*PROBLEM REQUIREMENTS*
Could you retype all of the entries exactly, without their pictures?

-- -- --

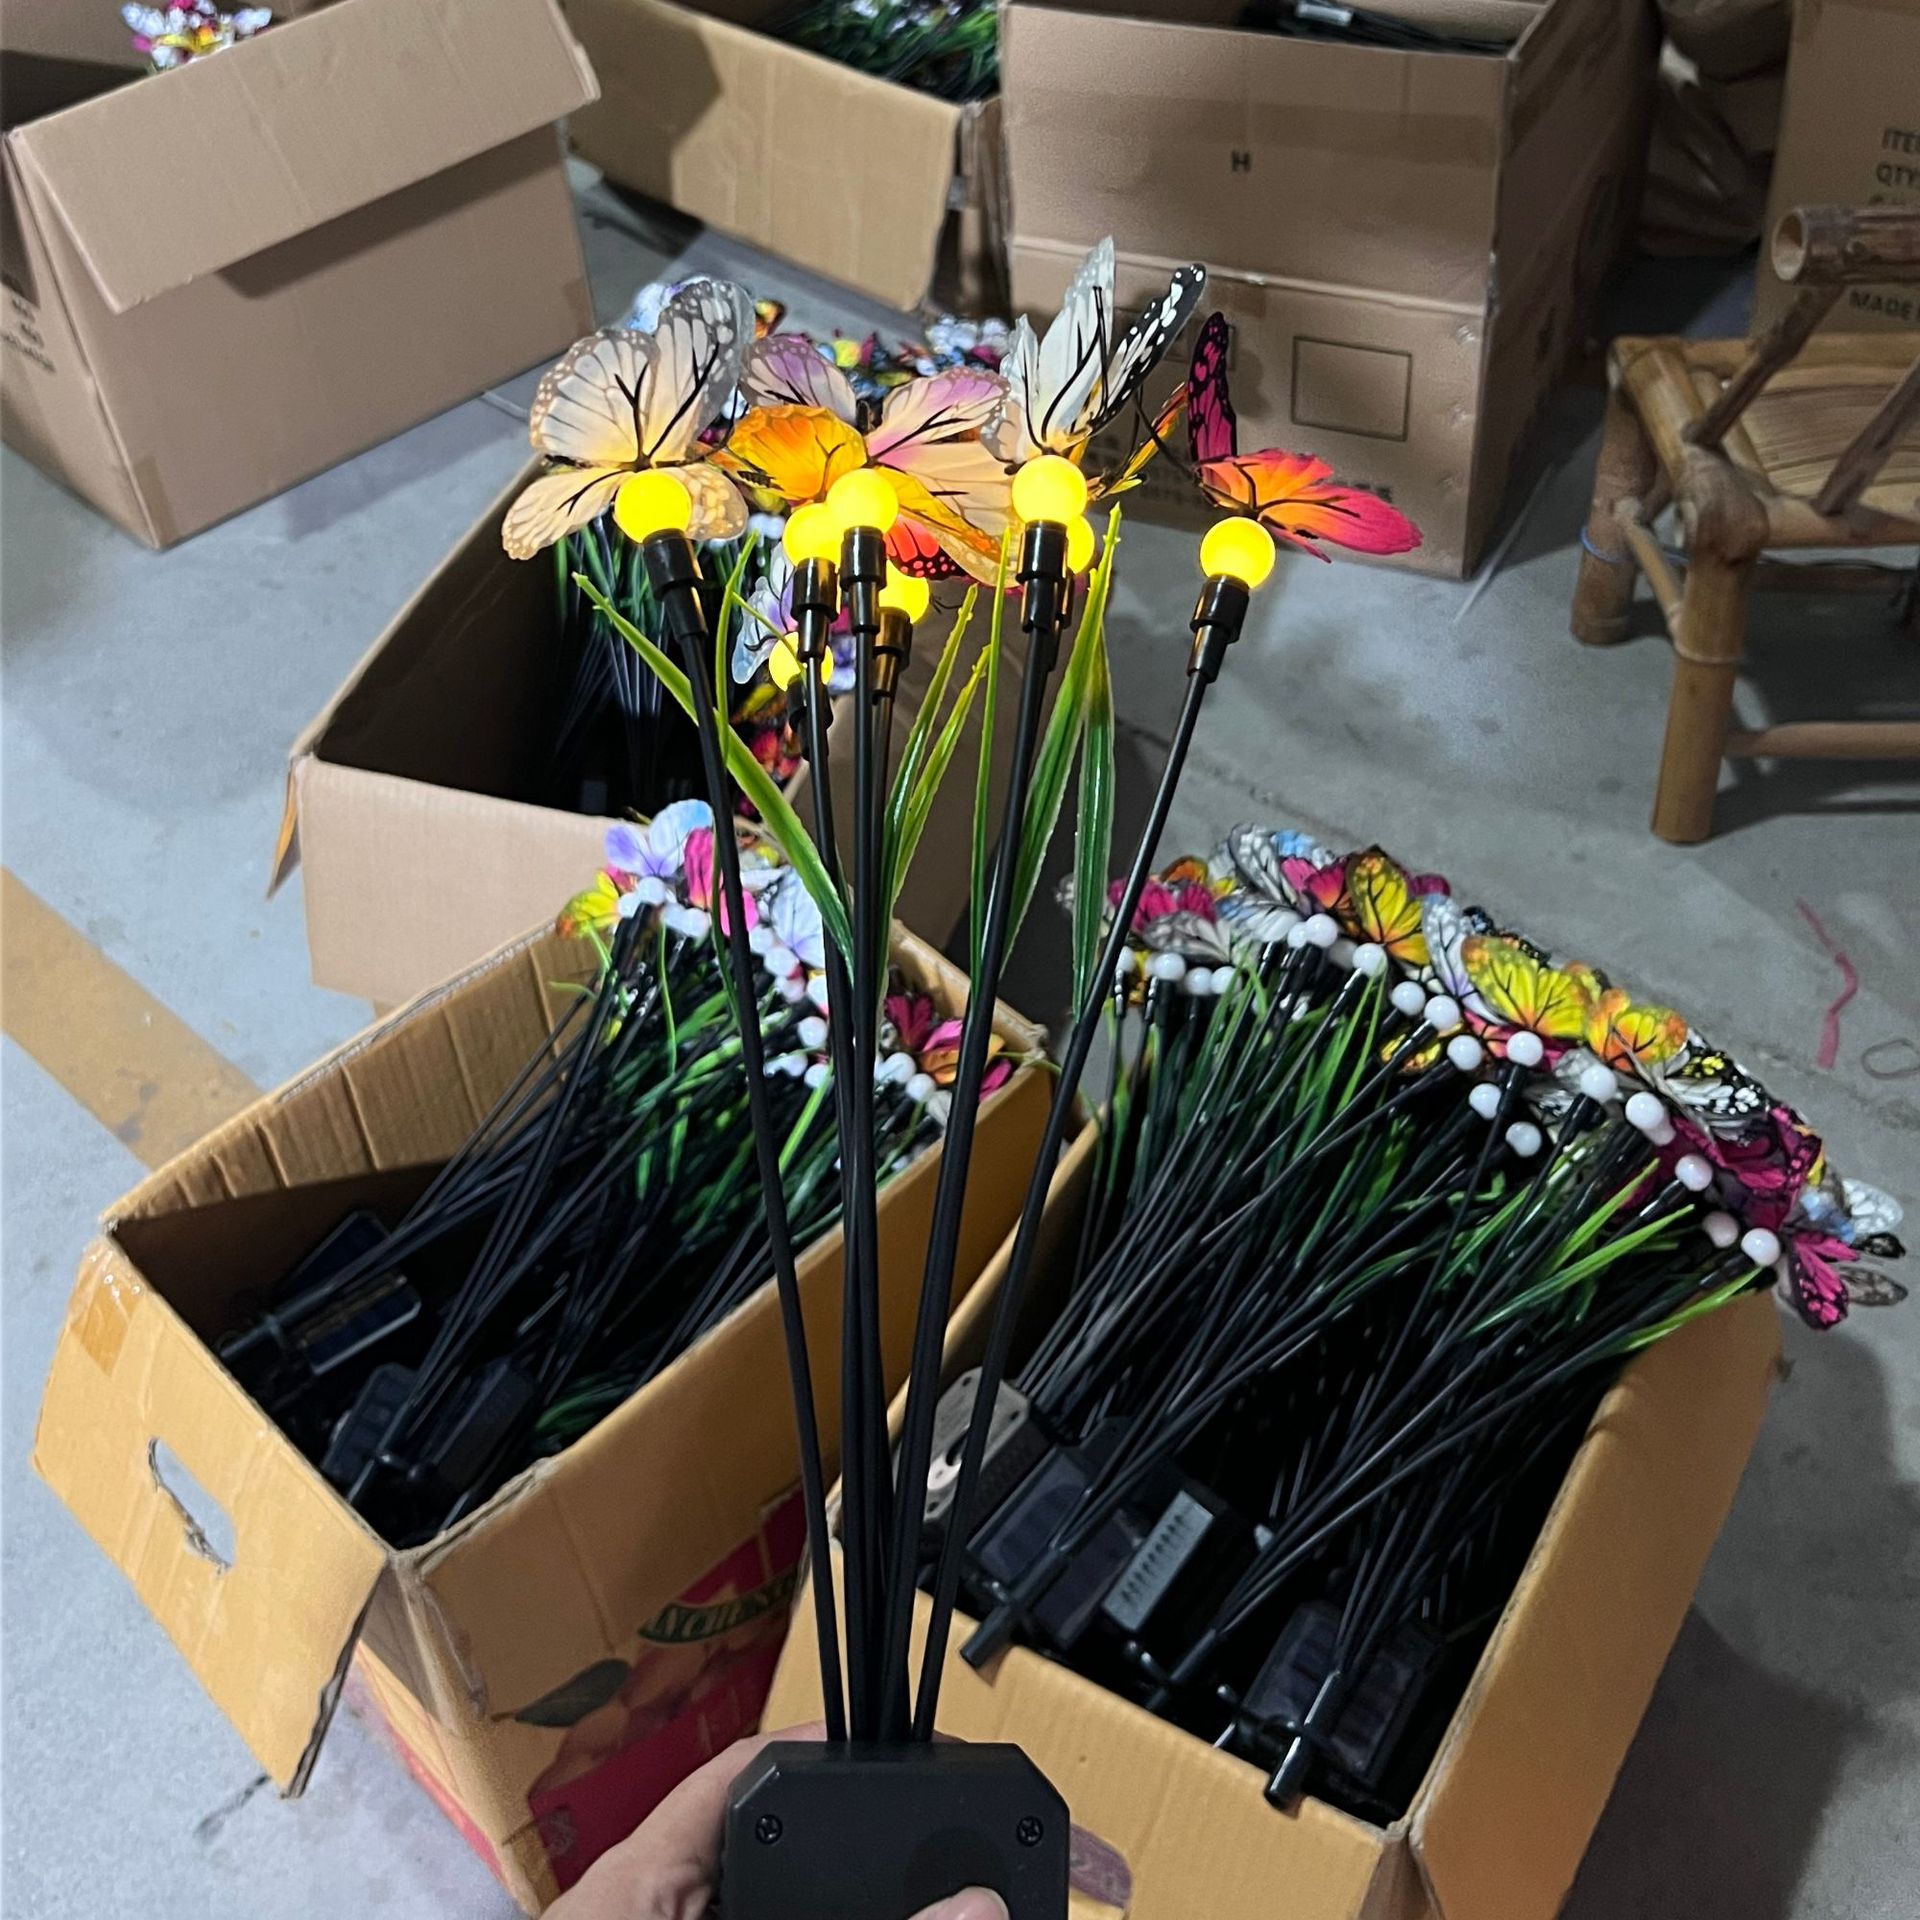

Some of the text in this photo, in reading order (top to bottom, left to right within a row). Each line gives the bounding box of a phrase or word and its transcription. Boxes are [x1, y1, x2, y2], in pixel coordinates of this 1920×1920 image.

[1882, 127, 1920, 154] ITE
[1231, 151, 1251, 172] H
[1849, 291, 1912, 320] MADE
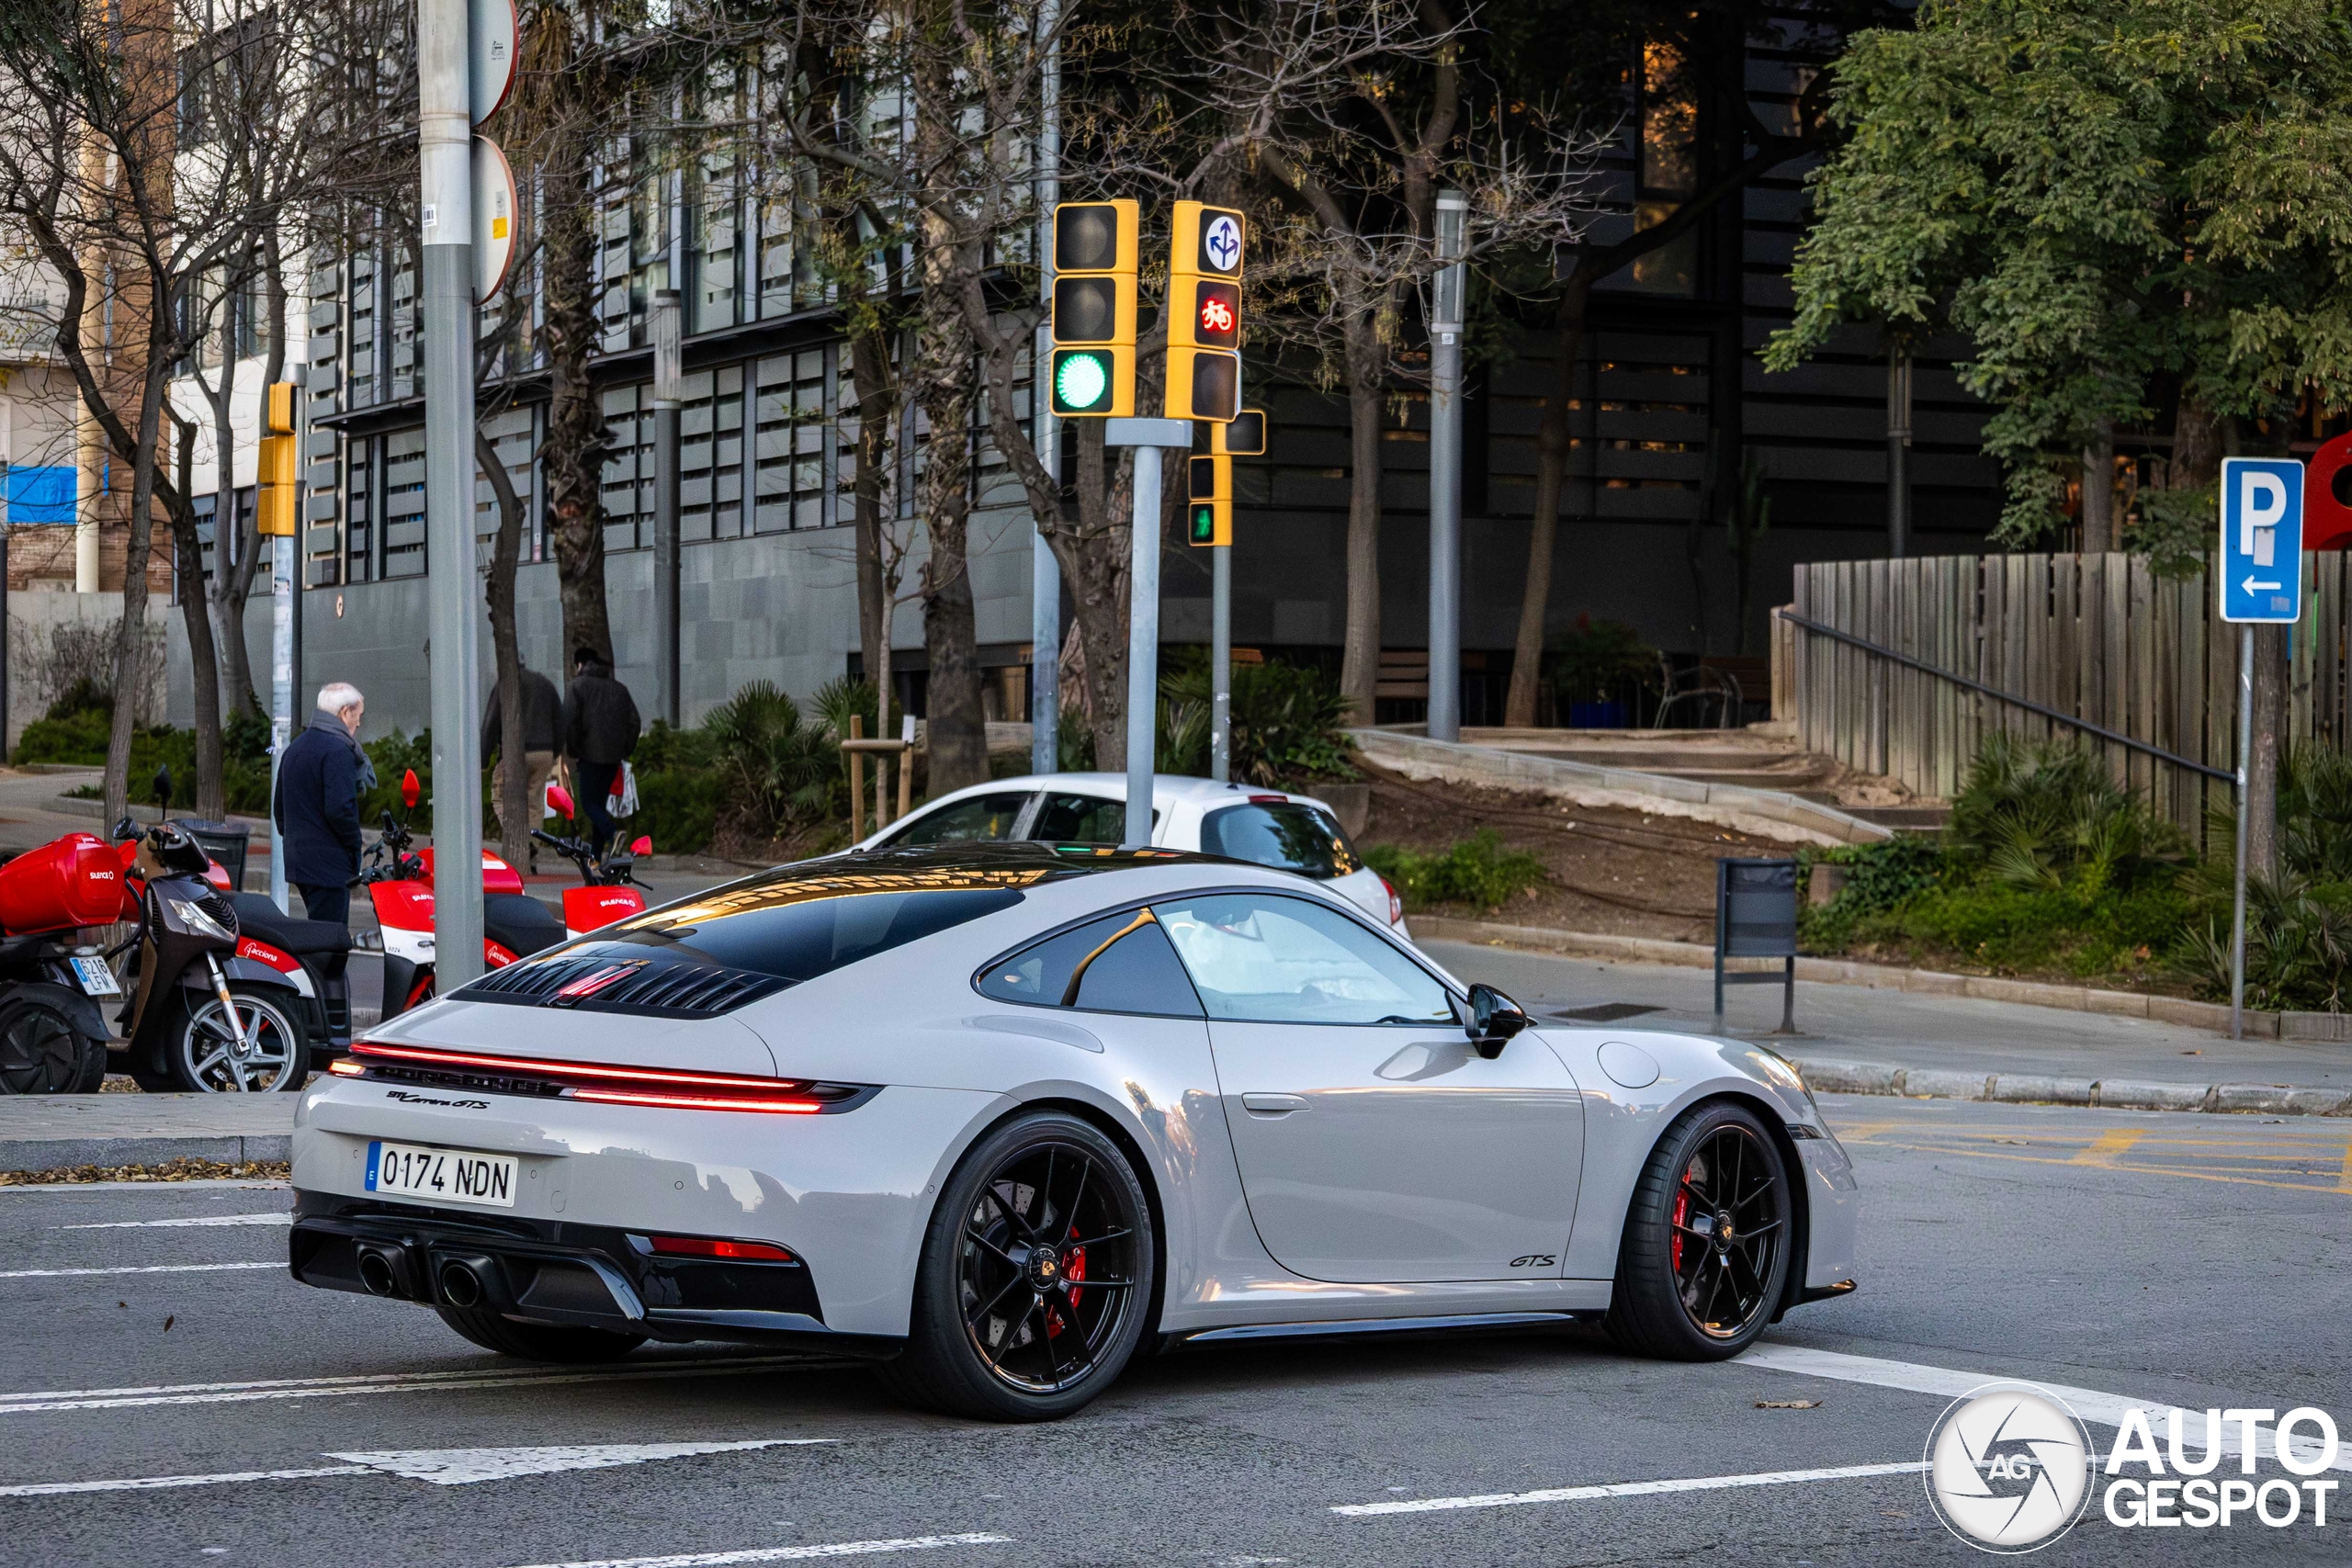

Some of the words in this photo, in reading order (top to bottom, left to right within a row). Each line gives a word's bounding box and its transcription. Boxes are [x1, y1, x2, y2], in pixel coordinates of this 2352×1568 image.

[2240, 471, 2288, 556] P
[251, 947, 278, 963] acciona
[80, 959, 108, 975] 6216
[451, 1100, 492, 1110] GTS
[383, 1150, 445, 1192] 0174
[455, 1158, 510, 1200] NDN
[1510, 1254, 1557, 1268] GTS

-- -- --

*RESPONSE TO THIS TASK*
Some of the text in this photo, in reading order (top to bottom, left to right within a row). Each line gives the bounding box of a phrase or word and its transcription. Boxes are [x1, y1, x2, y2], in pixel coordinates of this 1920×1920 image.

[1882, 127, 1920, 154] ITE
[1231, 151, 1251, 172] H
[1849, 291, 1912, 320] MADE

Some of the words in this photo, in reading order (top to bottom, left to right within a row). Each line gives a word's bounding box and its transcription. Boxes are [x1, y1, x2, y2], in pixel coordinates of this 2352×1568 image.

[2240, 471, 2288, 556] P
[251, 947, 278, 963] acciona
[80, 959, 108, 975] 6216
[451, 1100, 492, 1110] GTS
[383, 1150, 445, 1192] 0174
[455, 1158, 510, 1200] NDN
[1510, 1254, 1557, 1268] GTS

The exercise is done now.